Счастливыми для Армандины были только те часы, которые Субирон проводил на службе, но, вздохнув сначала с облегчением, она затем вновь предавалась своим печальным размышлениям. Одиночество тяготило ее. Однажды она получила приглашение на банкет клуба "Пух-перо", где председательствовал знаменитый писатель, а могущественный издатель выполнял обязанности его заместителя. Она была очень признательна Мартену за то, что он послал ее туда, и прежде всего помчалась к своей портнихе.
Банкет клуба "Пух-перо" превратился в важное событие в литературной жизни и получил значительный резонанс. За бокалом шампанского здесь, например, говорили о том, каково должно быть будущее общественной мысли и что представляют собой идеальные носители человеческого духа. Гул восторга прокатился по залу, когда его порог переступила Армандина.
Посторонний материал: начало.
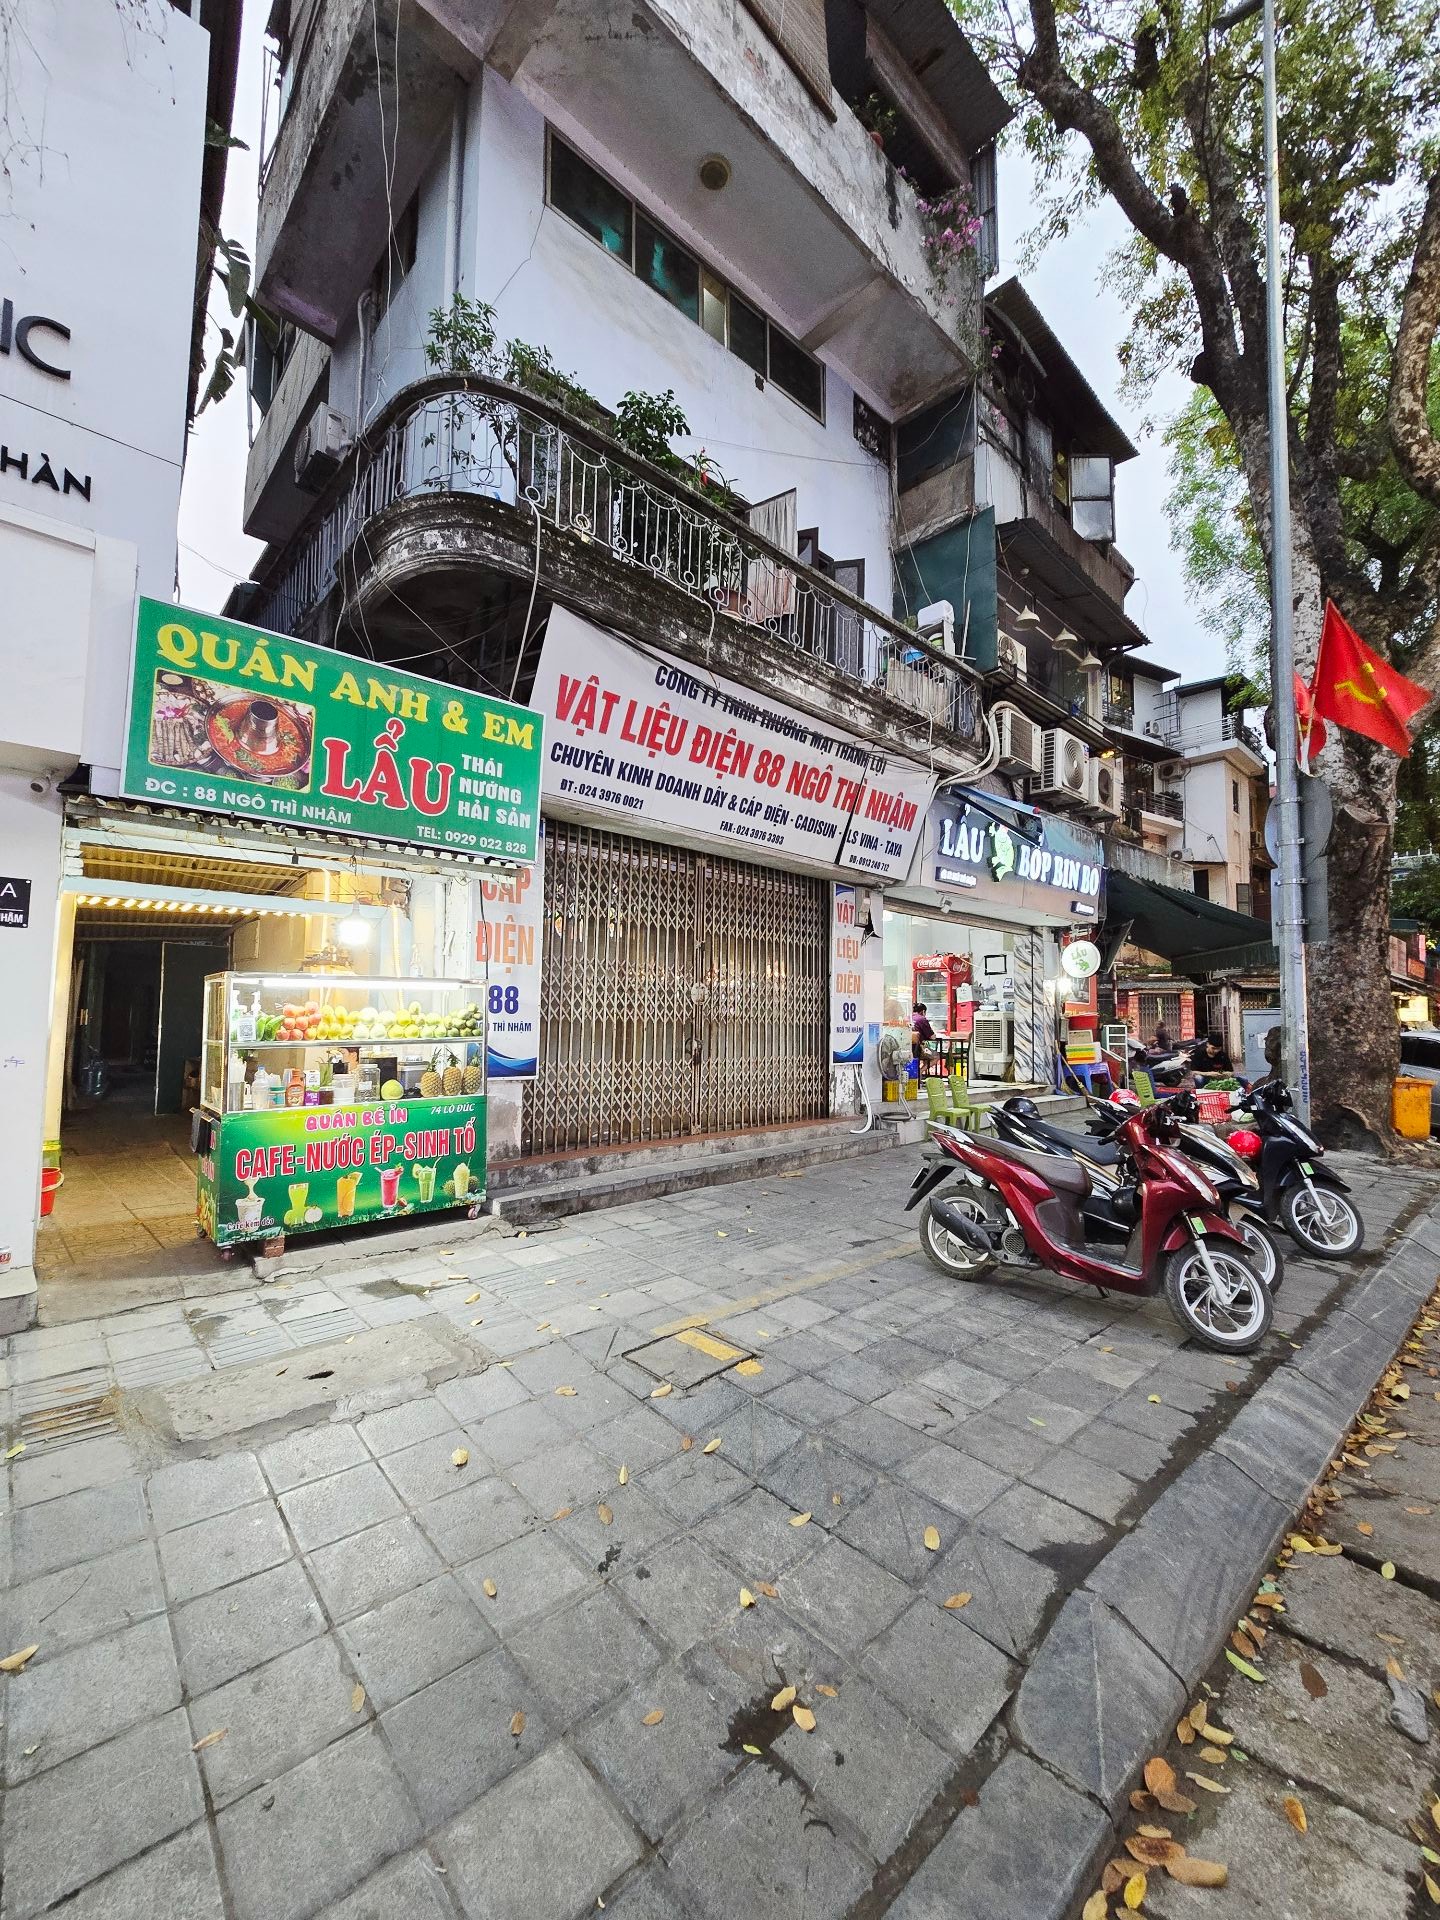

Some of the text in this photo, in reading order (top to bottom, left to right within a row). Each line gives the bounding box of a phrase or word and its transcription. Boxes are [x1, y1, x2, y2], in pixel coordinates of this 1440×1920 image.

Мужчины говорили, что они никогда еще не видели женщины, которая была бы так сексапильна, как эта гостья. Заместитель председателя, который оказался не кем иным, как издателем Мартена, не мог оторвать от нее глаз. Среди присутствующих было несколько героинь романов, с гордостью представленных их авторами, но ни одна из них и думать не могла о соперничестве с Армандиной.
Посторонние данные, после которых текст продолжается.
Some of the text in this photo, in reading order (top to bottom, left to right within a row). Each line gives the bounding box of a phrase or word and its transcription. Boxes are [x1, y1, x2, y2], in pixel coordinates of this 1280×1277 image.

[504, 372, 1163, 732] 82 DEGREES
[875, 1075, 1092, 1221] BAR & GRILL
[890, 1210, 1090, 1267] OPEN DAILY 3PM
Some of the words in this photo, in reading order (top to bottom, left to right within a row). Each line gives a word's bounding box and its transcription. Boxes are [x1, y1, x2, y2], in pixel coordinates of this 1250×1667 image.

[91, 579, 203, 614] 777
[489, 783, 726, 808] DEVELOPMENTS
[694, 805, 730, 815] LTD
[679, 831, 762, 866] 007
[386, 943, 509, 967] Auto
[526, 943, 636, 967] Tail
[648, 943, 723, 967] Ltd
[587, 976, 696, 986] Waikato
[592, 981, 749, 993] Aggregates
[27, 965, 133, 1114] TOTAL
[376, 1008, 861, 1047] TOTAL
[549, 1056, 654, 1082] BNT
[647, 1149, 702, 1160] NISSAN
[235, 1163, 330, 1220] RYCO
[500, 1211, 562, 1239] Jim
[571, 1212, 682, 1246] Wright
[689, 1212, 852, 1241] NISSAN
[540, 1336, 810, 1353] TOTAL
Издатель подошел к ней, поздоровался и осыпал Мартена комплиментами, как никогда искренними. После короткой беседы Мартен оставил обоих наедине, извинившись и сказав, что он должен срочно с кем-то встретиться. Издатель провел Армандину к буфетной стойке, где они выпили несколько бокалов шампанского. Из-за собеседницы он начисто забыл об обязанностях заместителя председателя и к концу дня был по уши влюблен.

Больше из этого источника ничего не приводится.